▶ Task brief:
List each line of the data that holds the word "SIDELINE".

[Source records]
────────────────────

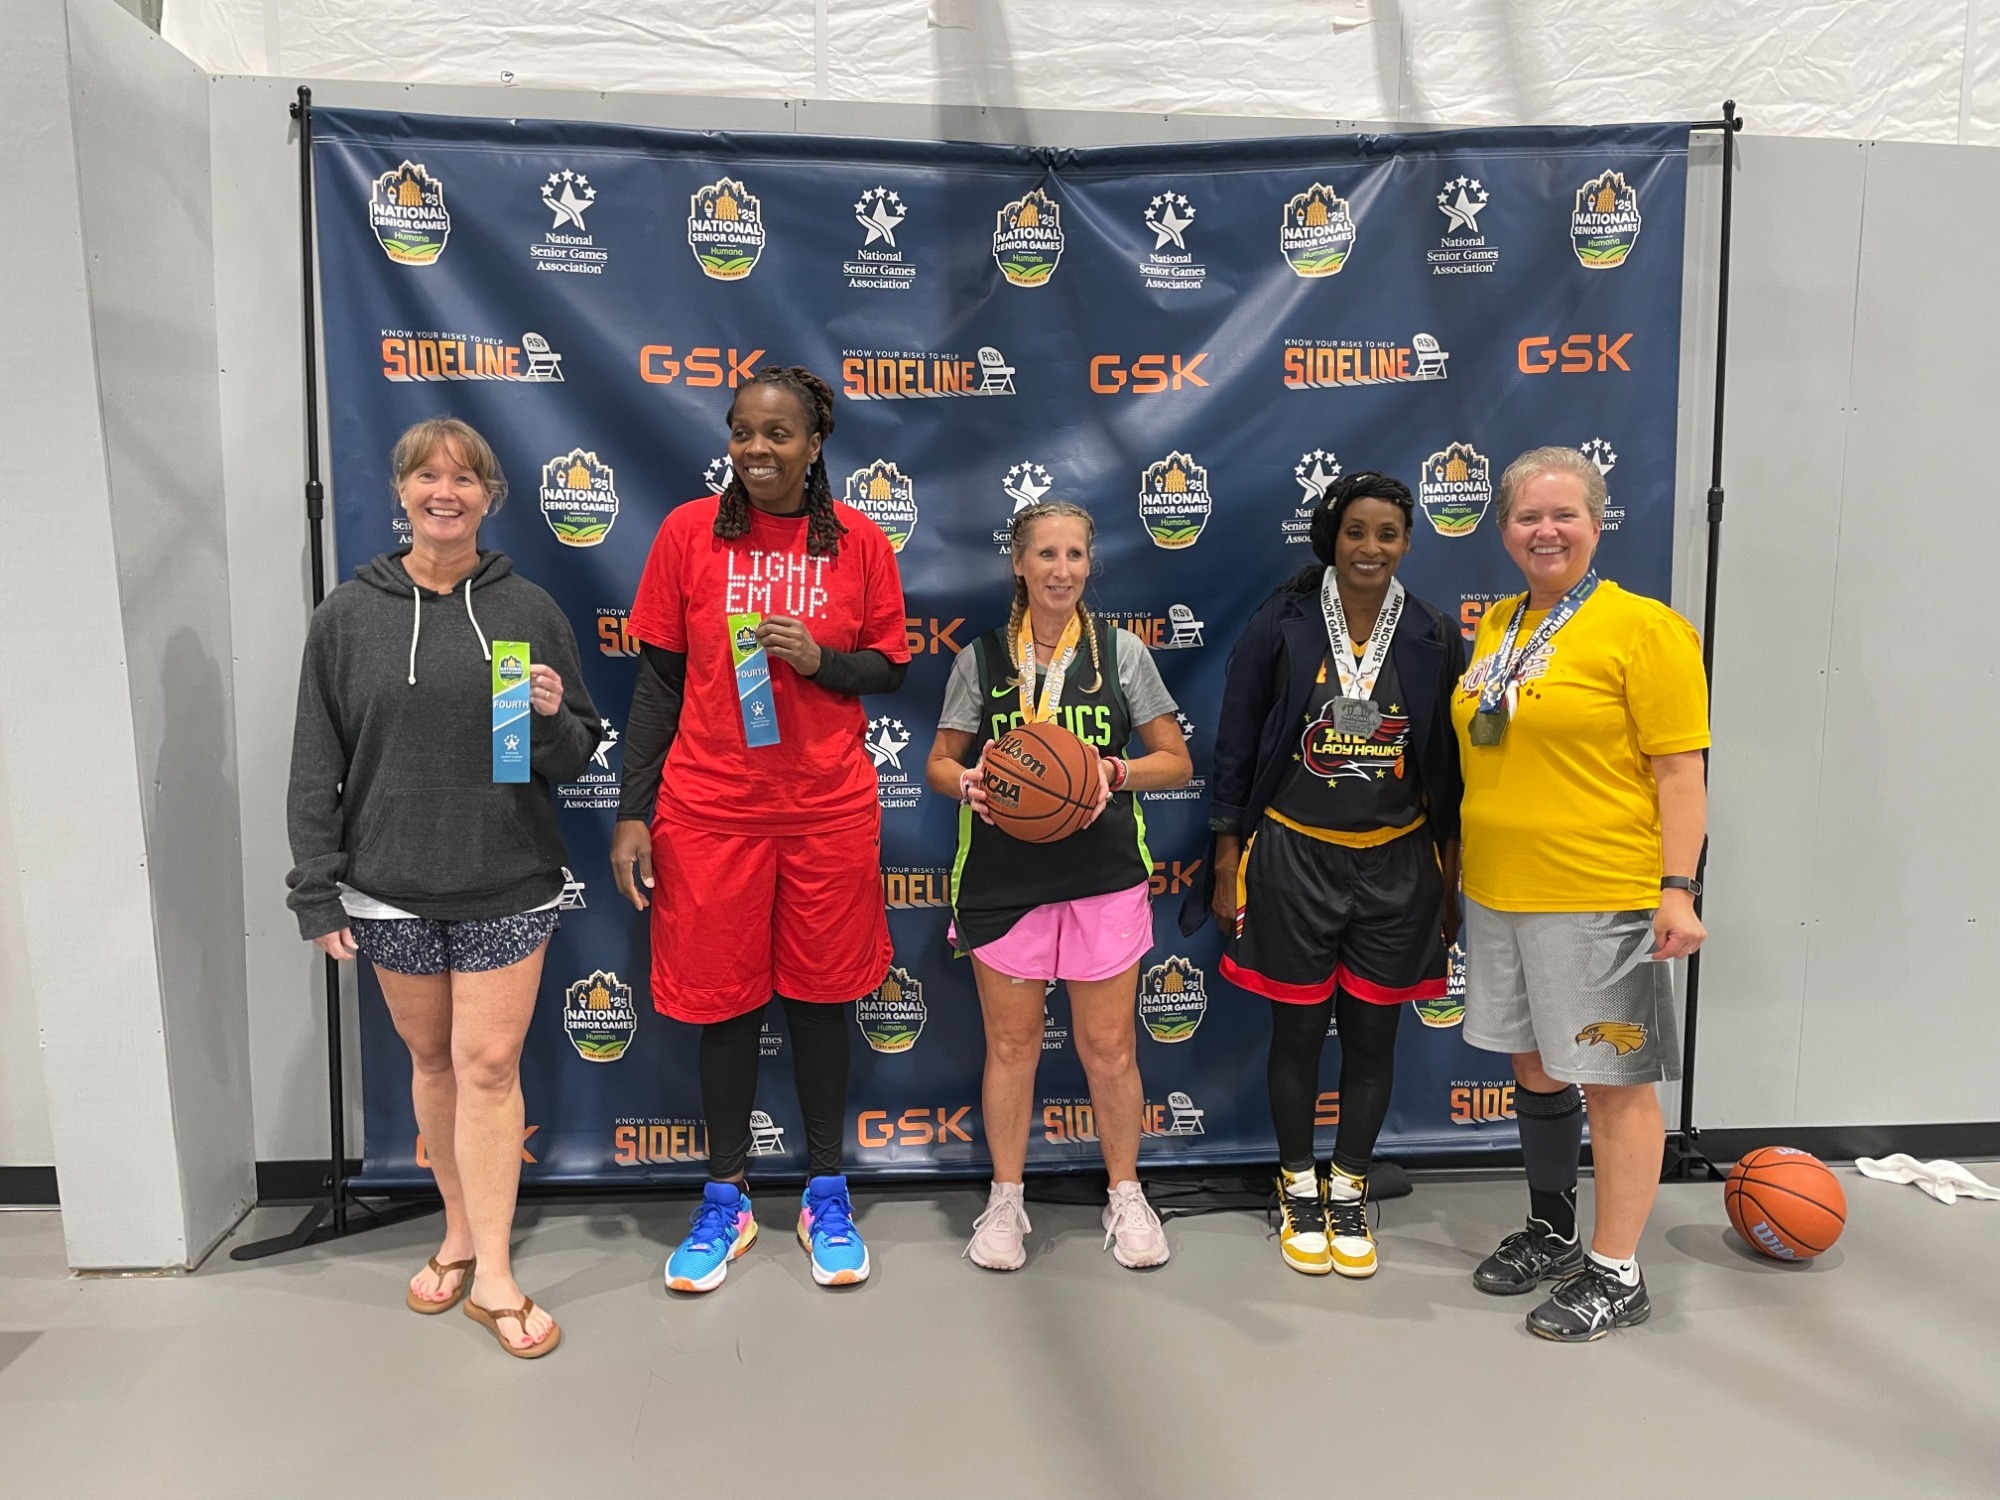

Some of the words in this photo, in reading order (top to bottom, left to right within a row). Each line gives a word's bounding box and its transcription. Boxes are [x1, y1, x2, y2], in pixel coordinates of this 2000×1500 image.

[374, 204, 446, 219] NATIONAL
[374, 216, 412, 228] SENIOR
[413, 220, 446, 230] GAMES
[1575, 212, 1637, 224] NATIONAL
[692, 220, 761, 235] NATIONAL
[1284, 223, 1352, 240] NATIONAL
[1574, 225, 1603, 235] SENIOR
[1604, 223, 1637, 234] GAMES
[394, 232, 429, 242] Humana
[545, 233, 592, 245] National
[692, 232, 726, 242] SENIOR
[728, 234, 761, 245] GAMES
[998, 228, 1060, 244] NATIONAL
[1284, 239, 1318, 250] SENIOR
[1319, 232, 1352, 245] GAMES
[1441, 236, 1484, 248] National
[996, 241, 1028, 252] SENIOR
[1029, 240, 1060, 250] GAMES
[1588, 238, 1620, 247] Humana
[530, 246, 567, 258] Senior
[570, 249, 608, 260] Games
[710, 247, 743, 256] Humana
[857, 250, 902, 261] National
[1303, 248, 1335, 259] Humana
[1427, 251, 1460, 262] Senior
[1462, 249, 1498, 260] Games
[1013, 254, 1043, 263] Humana
[1150, 254, 1192, 264] National
[536, 261, 602, 274] Association
[843, 263, 877, 275] Senior
[880, 265, 916, 276] Games
[1140, 265, 1169, 276] Senior
[1172, 267, 1206, 277] Games
[1433, 264, 1493, 275] Association
[848, 278, 909, 289] Association
[1145, 279, 1201, 289] Association
[381, 329, 413, 338] KNOW
[416, 331, 439, 339] YOUR
[442, 332, 467, 341] RISKS
[470, 335, 481, 343] TO
[483, 337, 503, 345] HELP
[526, 336, 545, 349] RSV
[1284, 338, 1313, 347] KNOW
[1316, 339, 1338, 347] YOUR
[1341, 340, 1362, 348] RISKS
[1417, 337, 1436, 348] RSV
[382, 339, 522, 378] SIDELINE
[842, 349, 872, 358] KNOW
[903, 351, 926, 359] RISKS
[982, 351, 1000, 362] RSV
[1518, 333, 1633, 374] GSK
[640, 344, 766, 388] GSK
[1284, 348, 1411, 384] SIDELINE
[842, 358, 975, 394] SIDELINE
[1090, 353, 1210, 394] GSK
[1423, 481, 1488, 494] NATIONAL
[543, 488, 615, 503] NATIONAL
[1143, 492, 1208, 505] NATIONAL
[1423, 494, 1457, 504] SENIOR
[1458, 493, 1488, 502] GAMES
[544, 501, 580, 511] SENIOR
[581, 503, 615, 512] GAMES
[847, 500, 913, 512] NATIONAL
[1143, 506, 1176, 515] SENIOR
[1177, 504, 1208, 514] GAMES
[1442, 506, 1472, 514] Humana
[563, 515, 596, 524] Humana
[882, 513, 914, 521] GAMES
[1161, 518, 1191, 526] Humana
[1281, 522, 1312, 531] Senior
[728, 550, 829, 586] LIGHT
[726, 582, 771, 614] EM
[1322, 586, 1335, 618] SENIOR
[596, 608, 626, 616] KNOW
[1172, 608, 1190, 617] RSV
[1333, 598, 1347, 635] NATIONAL
[1371, 608, 1389, 642] NATIONAL
[1373, 628, 1393, 662] SENIOR
[1387, 594, 1403, 626] GAMES
[1543, 607, 1574, 640] GAMES
[906, 618, 966, 654] SK
[1328, 618, 1344, 655] GAMES
[1526, 617, 1552, 650] NATIONAL
[1058, 646, 1073, 676] GAMES
[737, 667, 768, 679] FOURTH
[494, 700, 529, 709] FOURTH
[992, 705, 1110, 746] CICS
[1313, 743, 1353, 755] LADY
[1354, 745, 1403, 757] HAWKS
[577, 772, 616, 783] ational
[878, 773, 908, 782] tional
[557, 787, 591, 796] Senior
[594, 786, 620, 795] Gam
[888, 786, 922, 795] Games
[1143, 792, 1200, 800] Association
[564, 799, 620, 808] Associatio
[1143, 992, 1203, 1005] NATIONAL
[860, 1002, 923, 1012] NATIONAL
[1143, 1004, 1173, 1013] SENIOR
[1174, 1002, 1204, 1011] GAMES
[568, 1009, 632, 1021] NATIONAL
[860, 1012, 892, 1020] SENIOR
[568, 1020, 600, 1029] SENIOR
[601, 1021, 633, 1029] GAMES
[751, 1115, 769, 1124] RSV
[858, 1106, 974, 1148] GSK
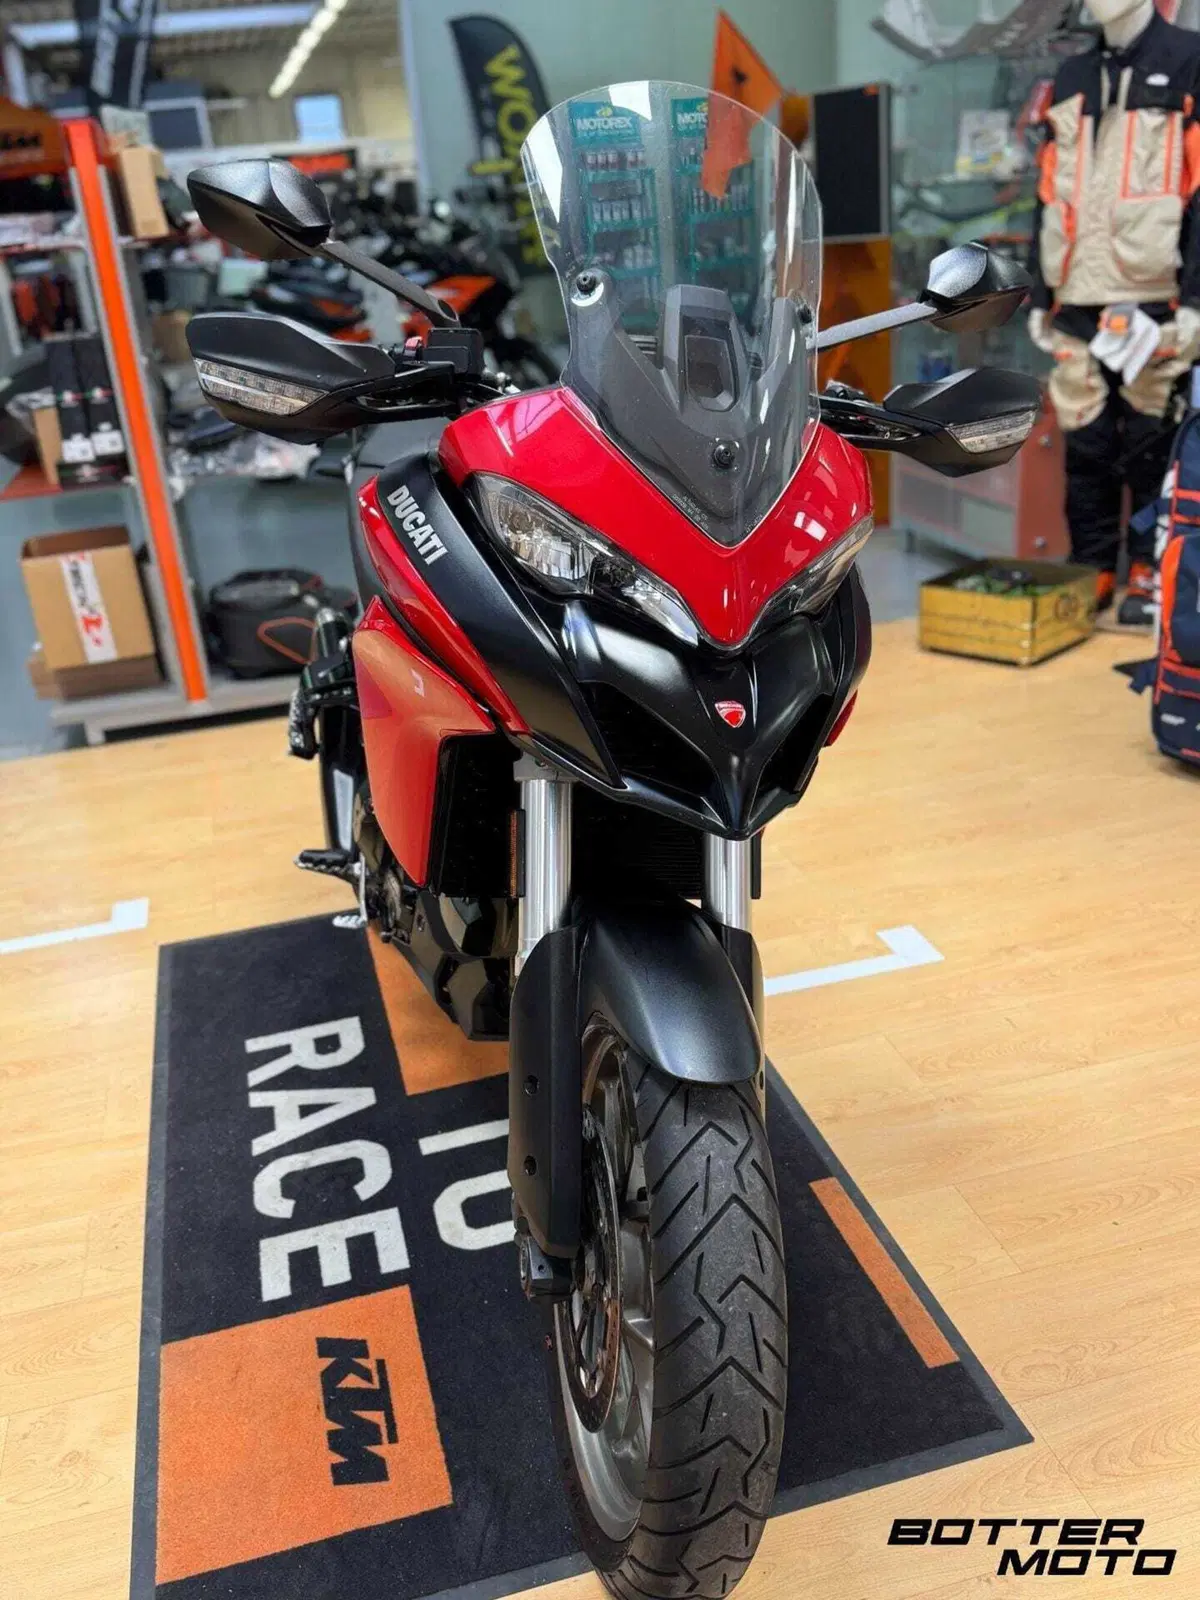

────────────────────

▶ Exercise output:
[382, 339, 522, 378] SIDELINE
[1284, 348, 1411, 384] SIDELINE
[842, 358, 975, 394] SIDELINE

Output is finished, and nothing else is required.